**DIRECTIONS**. The answer is the data repeated in full, with no pictures included.
RECORDED INFORMATION section start
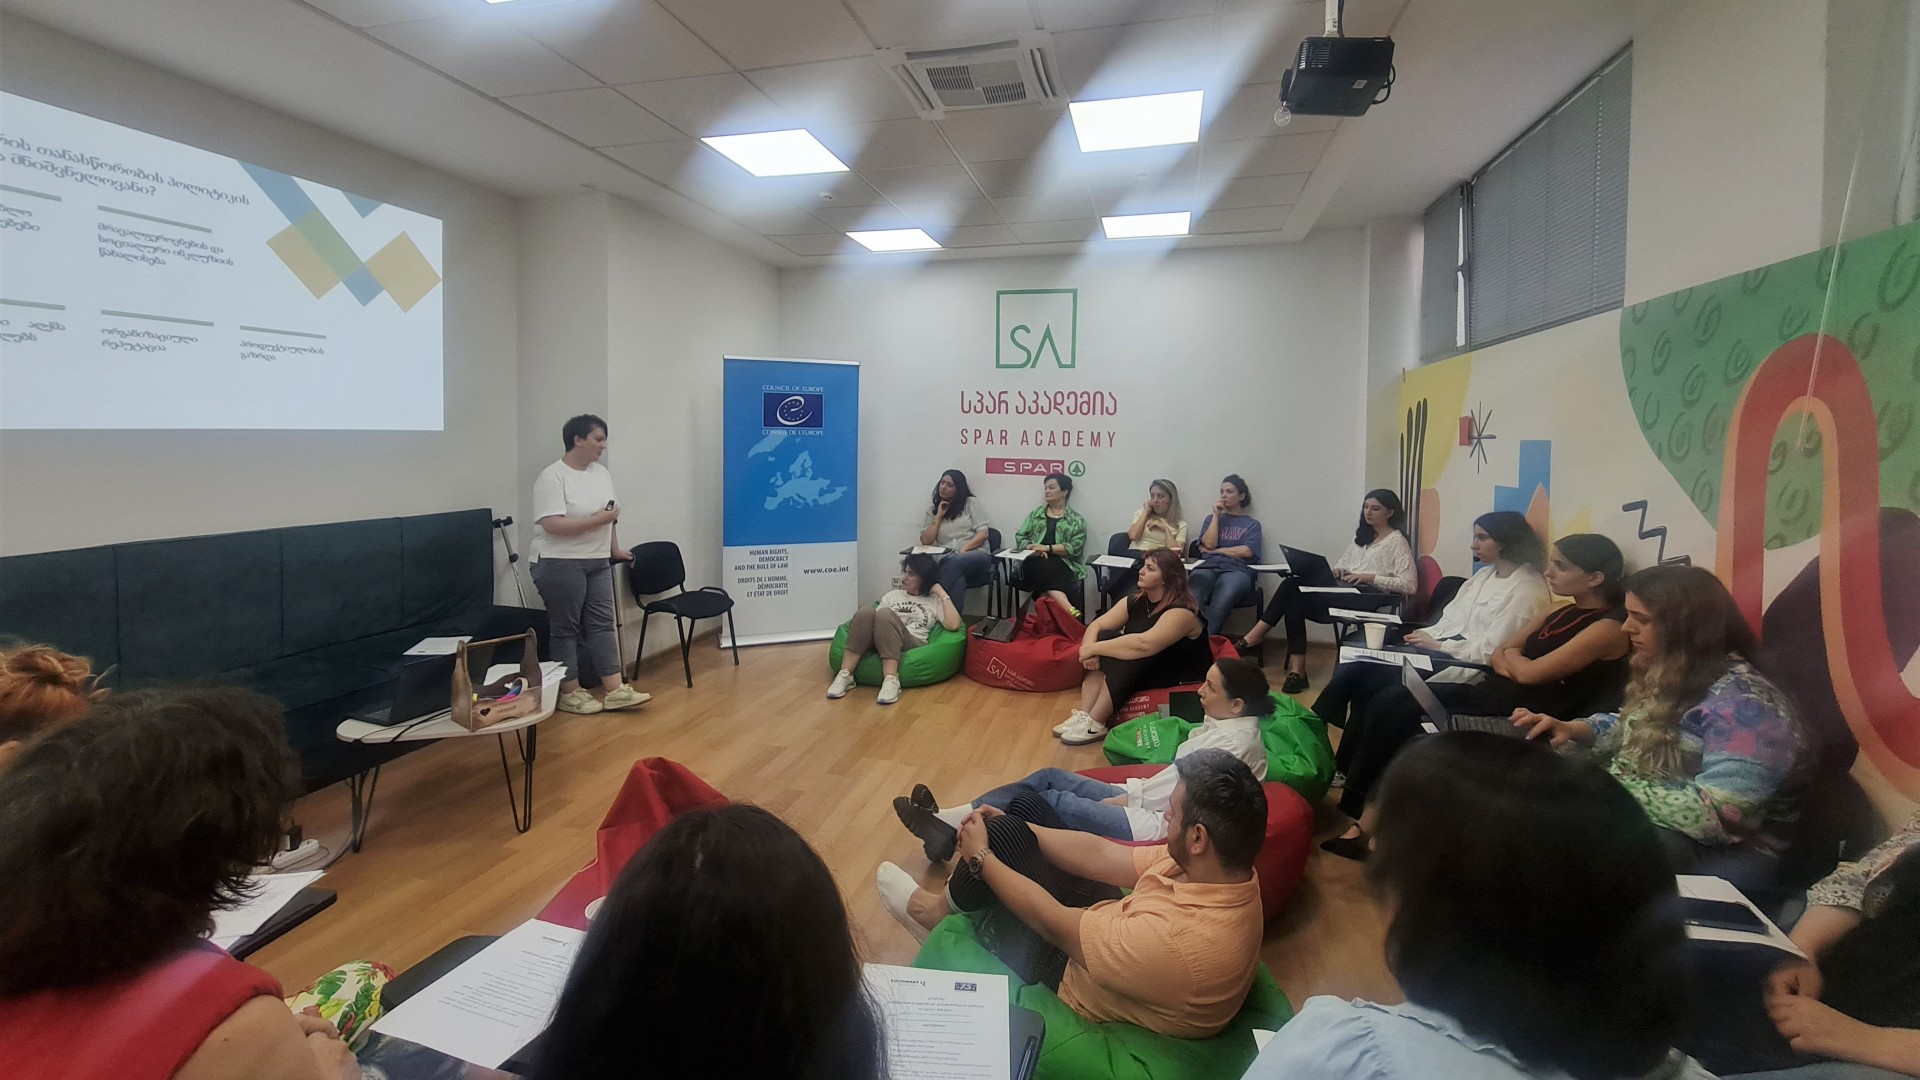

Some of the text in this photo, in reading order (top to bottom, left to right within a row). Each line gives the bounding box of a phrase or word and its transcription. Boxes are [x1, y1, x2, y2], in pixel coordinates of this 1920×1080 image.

[11, 153, 156, 196] მნიშვნელოვანი?
[36, 146, 164, 184] თანასწორობის
[167, 176, 250, 205] პოლიტიკის
[98, 234, 171, 254] სოციალური
[101, 327, 199, 344] ორგანიზაციული
[101, 339, 167, 353] რეპუტაცია
[960, 390, 1118, 416] სპარ აკადემია
[960, 428, 1116, 447] SPAR ACADEMY
[1003, 461, 1064, 474] SPAR
[803, 566, 849, 574] www.coe.int
[757, 582, 789, 590] DÉMOCRATIE
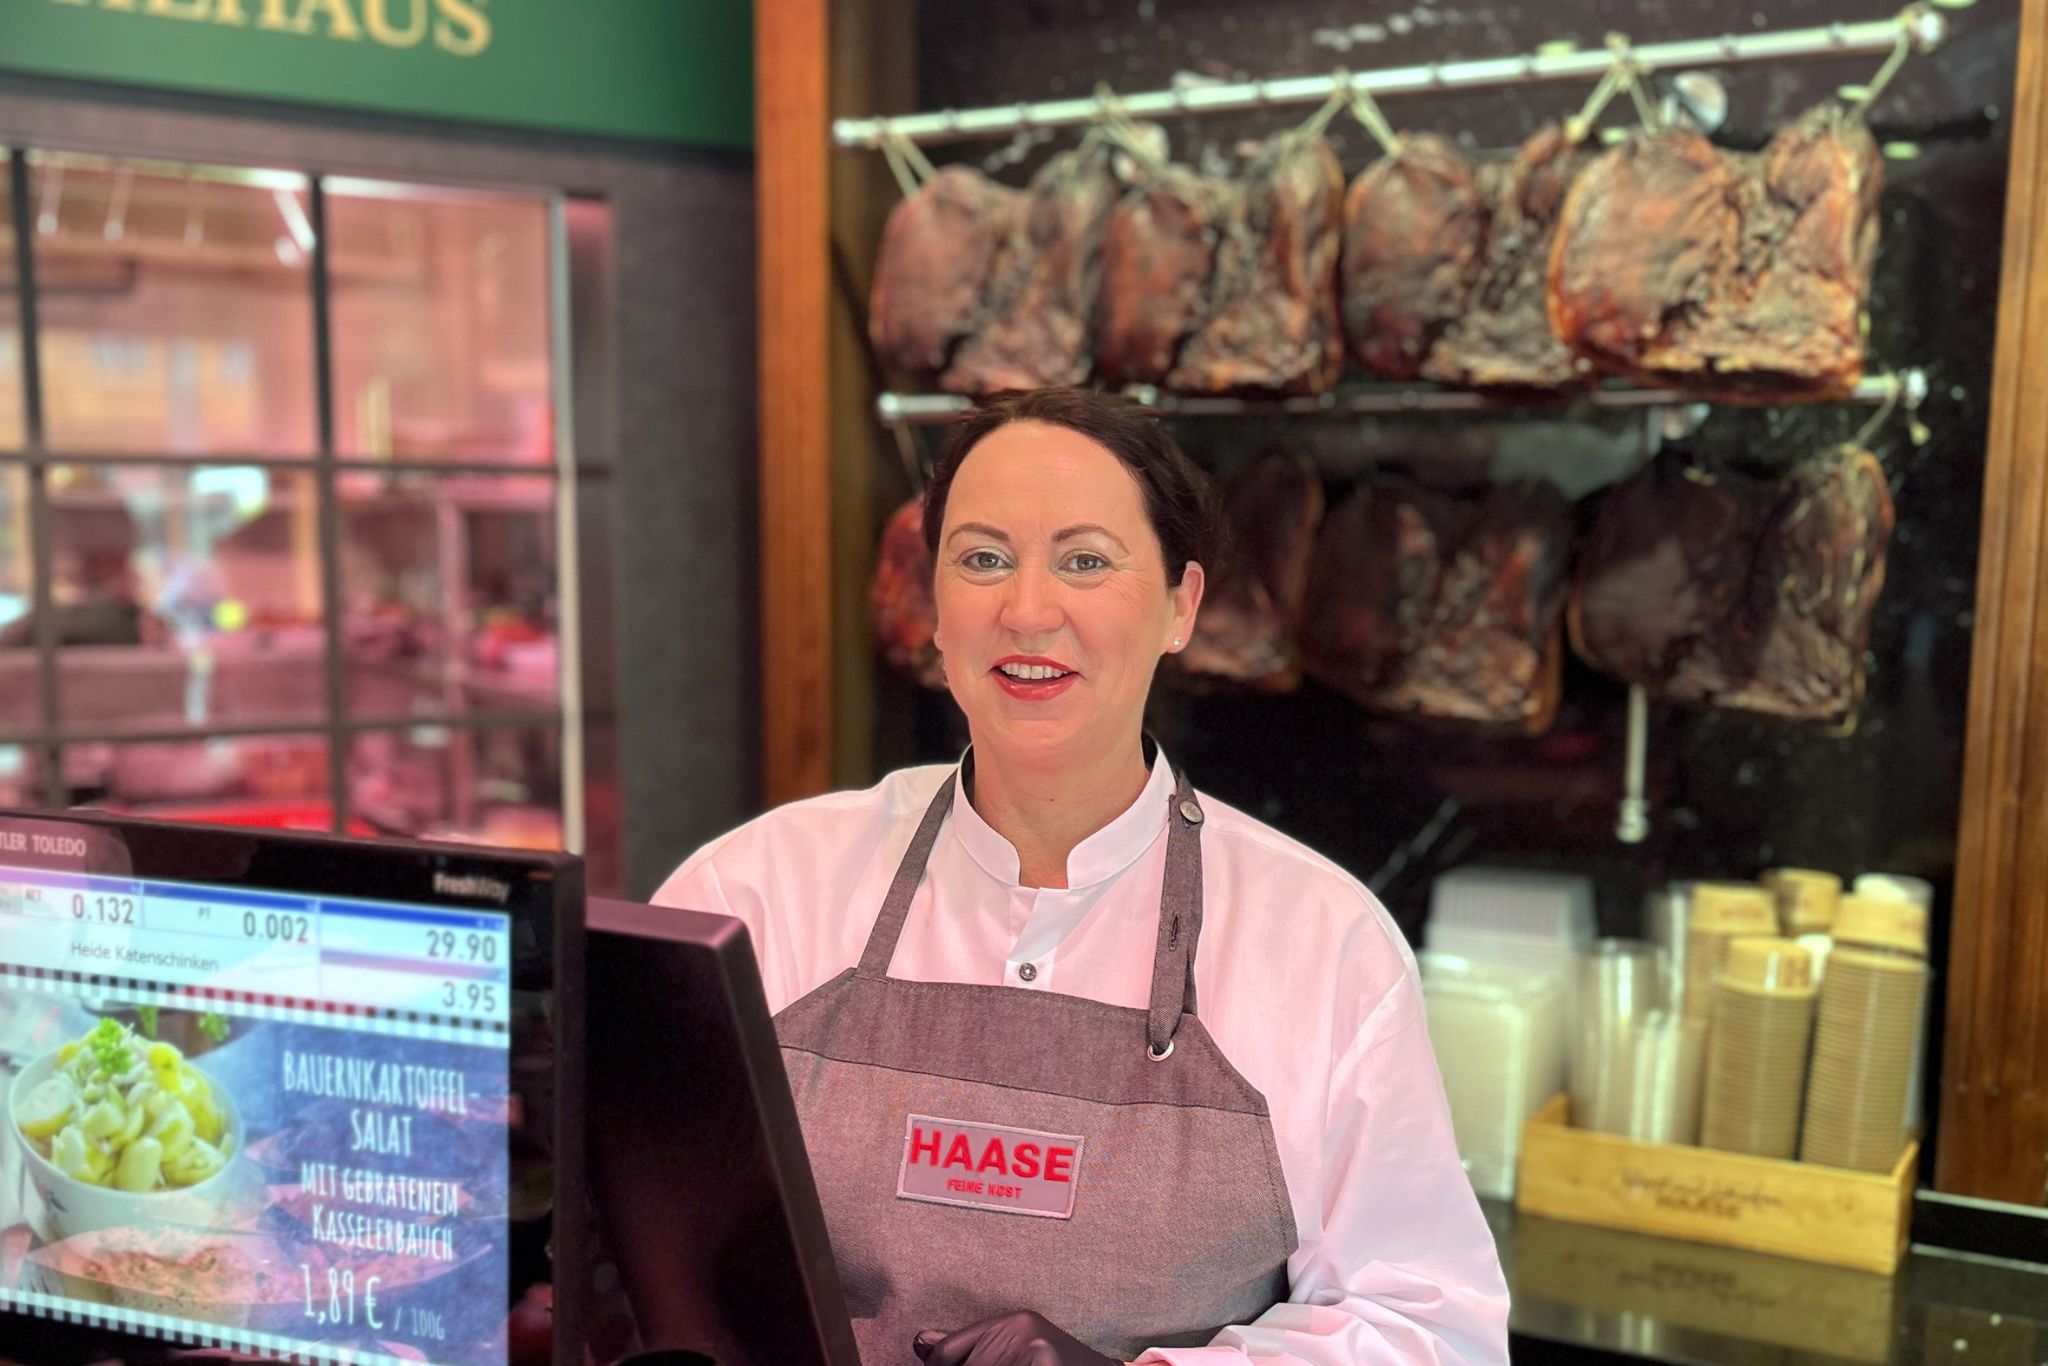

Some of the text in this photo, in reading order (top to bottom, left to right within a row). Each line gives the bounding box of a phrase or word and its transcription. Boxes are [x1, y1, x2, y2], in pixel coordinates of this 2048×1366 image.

[32, 834, 87, 857] TOLEDO
[71, 893, 135, 925] 0.132
[243, 911, 309, 943] 0.002
[71, 941, 219, 972] Heide Katenschinken
[426, 929, 497, 963] 29.90
[441, 980, 497, 1013] 3.95
[351, 1108, 412, 1157] SALAT
[909, 1126, 1075, 1183] HAASE
[301, 1162, 459, 1218] MIT GEBRATENEM
[947, 1178, 1023, 1199] FEINE KOST
[312, 1204, 454, 1262] KASSELERBAUCH
[301, 1264, 354, 1325] 1,89
[365, 1276, 383, 1329] €
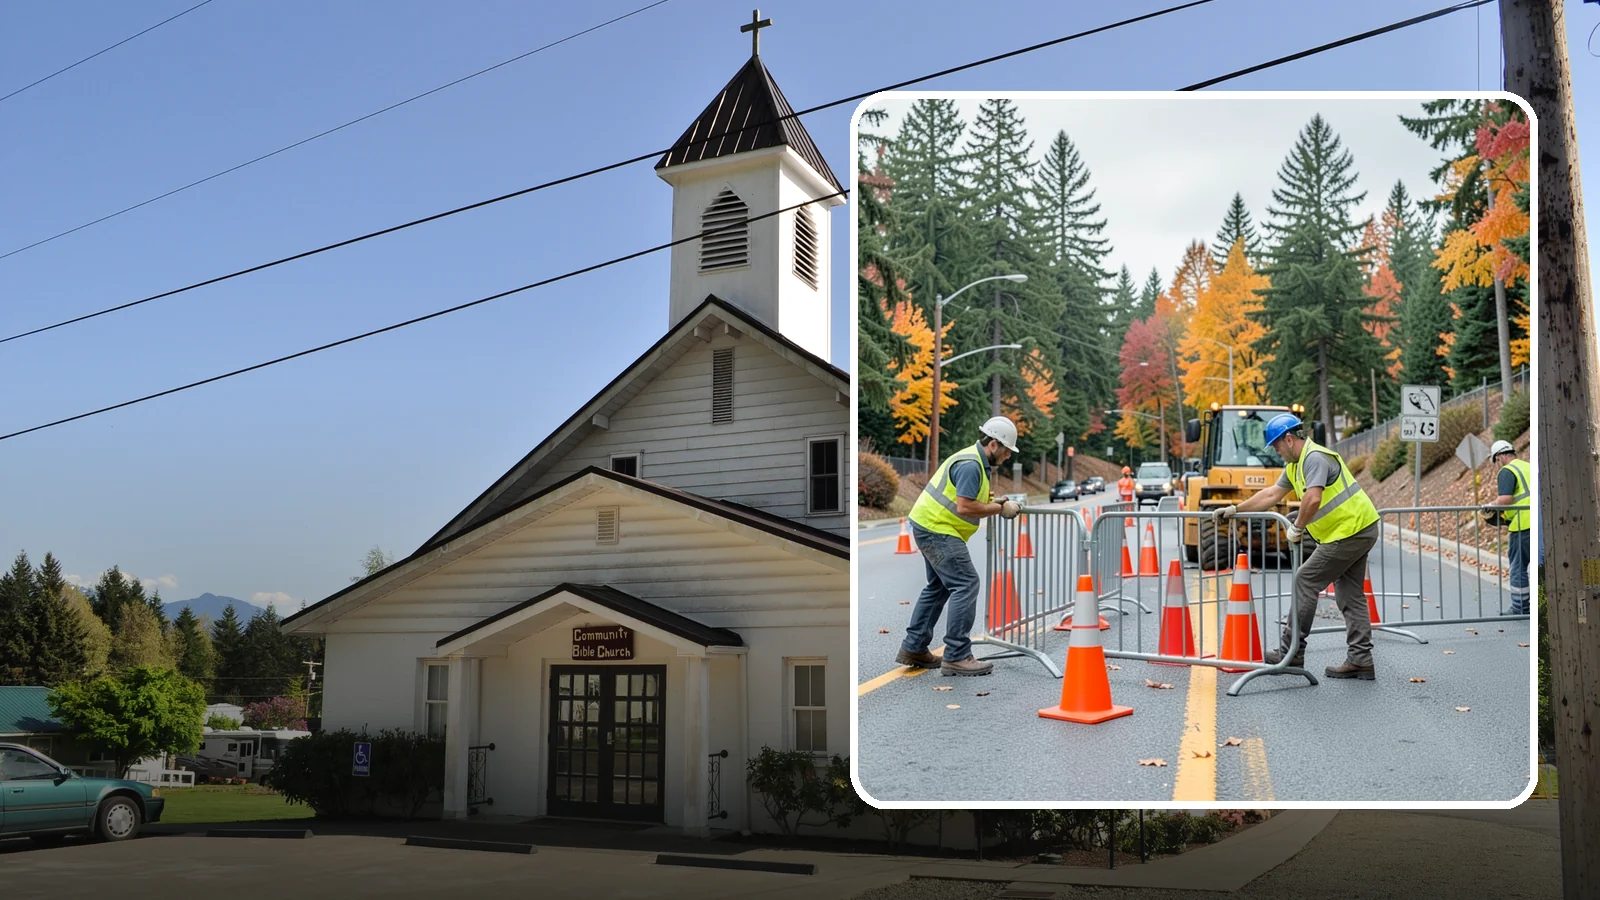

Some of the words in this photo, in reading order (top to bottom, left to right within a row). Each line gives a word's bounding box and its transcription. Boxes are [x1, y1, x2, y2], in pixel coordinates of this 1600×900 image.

[574, 627, 628, 641] Community
[572, 645, 595, 657] Bible
[597, 645, 631, 658] Church
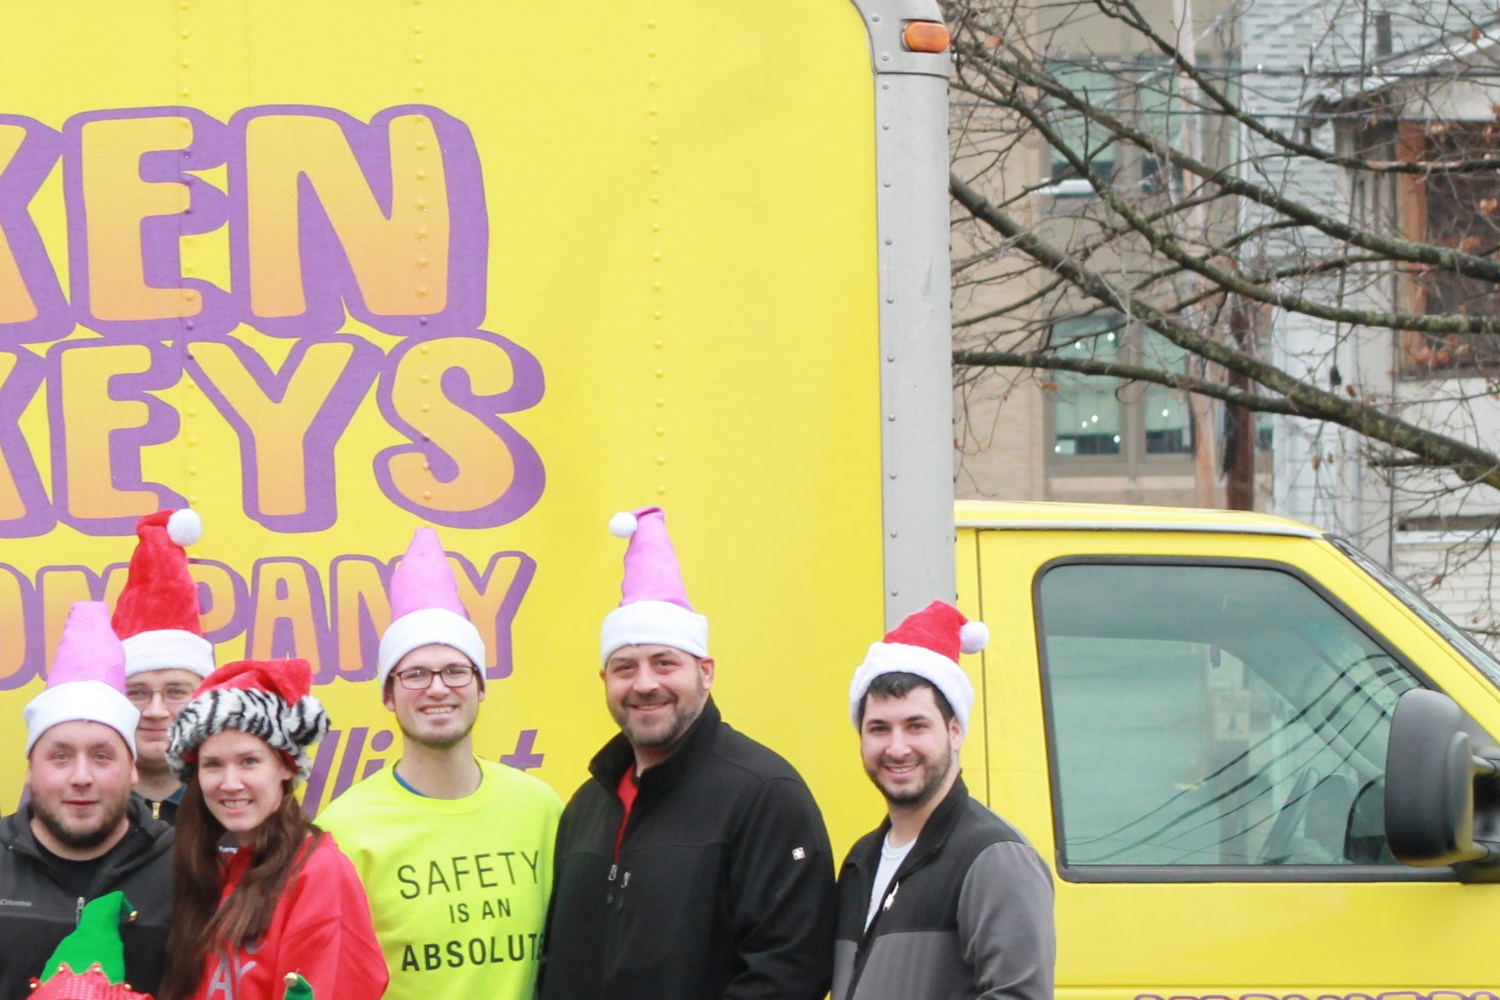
RECORDED INFORMATION section end
**OUTPUT OF THE TASK**.
Some of the text in this photo, in reading order (top to bottom, left to right within a row). Each line gives the bounding box of a phrase or word and its transcription. Boxes are [x1, y1, x2, y2], in pixel coordinates of this 1920×1080 image.

[11, 153, 156, 196] მნიშვნელოვანი?
[36, 146, 164, 184] თანასწორობის
[167, 176, 250, 205] პოლიტიკის
[98, 234, 171, 254] სოციალური
[101, 327, 199, 344] ორგანიზაციული
[101, 339, 167, 353] რეპუტაცია
[960, 390, 1118, 416] სპარ აკადემია
[960, 428, 1116, 447] SPAR ACADEMY
[1003, 461, 1064, 474] SPAR
[803, 566, 849, 574] www.coe.int
[757, 582, 789, 590] DÉMOCRATIE

Some of the text in this photo, in reading order (top to bottom, left to right within a row). Each line gives the bounding box of a phrase or word and its transcription. Boxes are [x1, y1, x2, y2], in pixel coordinates of this 2048×1366 image.

[32, 834, 87, 857] TOLEDO
[71, 893, 135, 925] 0.132
[243, 911, 309, 943] 0.002
[71, 941, 219, 972] Heide Katenschinken
[426, 929, 497, 963] 29.90
[441, 980, 497, 1013] 3.95
[351, 1108, 412, 1157] SALAT
[909, 1126, 1075, 1183] HAASE
[301, 1162, 459, 1218] MIT GEBRATENEM
[947, 1178, 1023, 1199] FEINE KOST
[312, 1204, 454, 1262] KASSELERBAUCH
[301, 1264, 354, 1325] 1,89
[365, 1276, 383, 1329] €

Some of the words in this photo, in reading order (top to bottom, left to right within a row). Each line gives a word's bounding box and its transcription. Boxes are [x1, y1, x2, y2], in pixel coordinates of this 1600×900 image.

[574, 627, 628, 641] Community
[572, 645, 595, 657] Bible
[597, 645, 631, 658] Church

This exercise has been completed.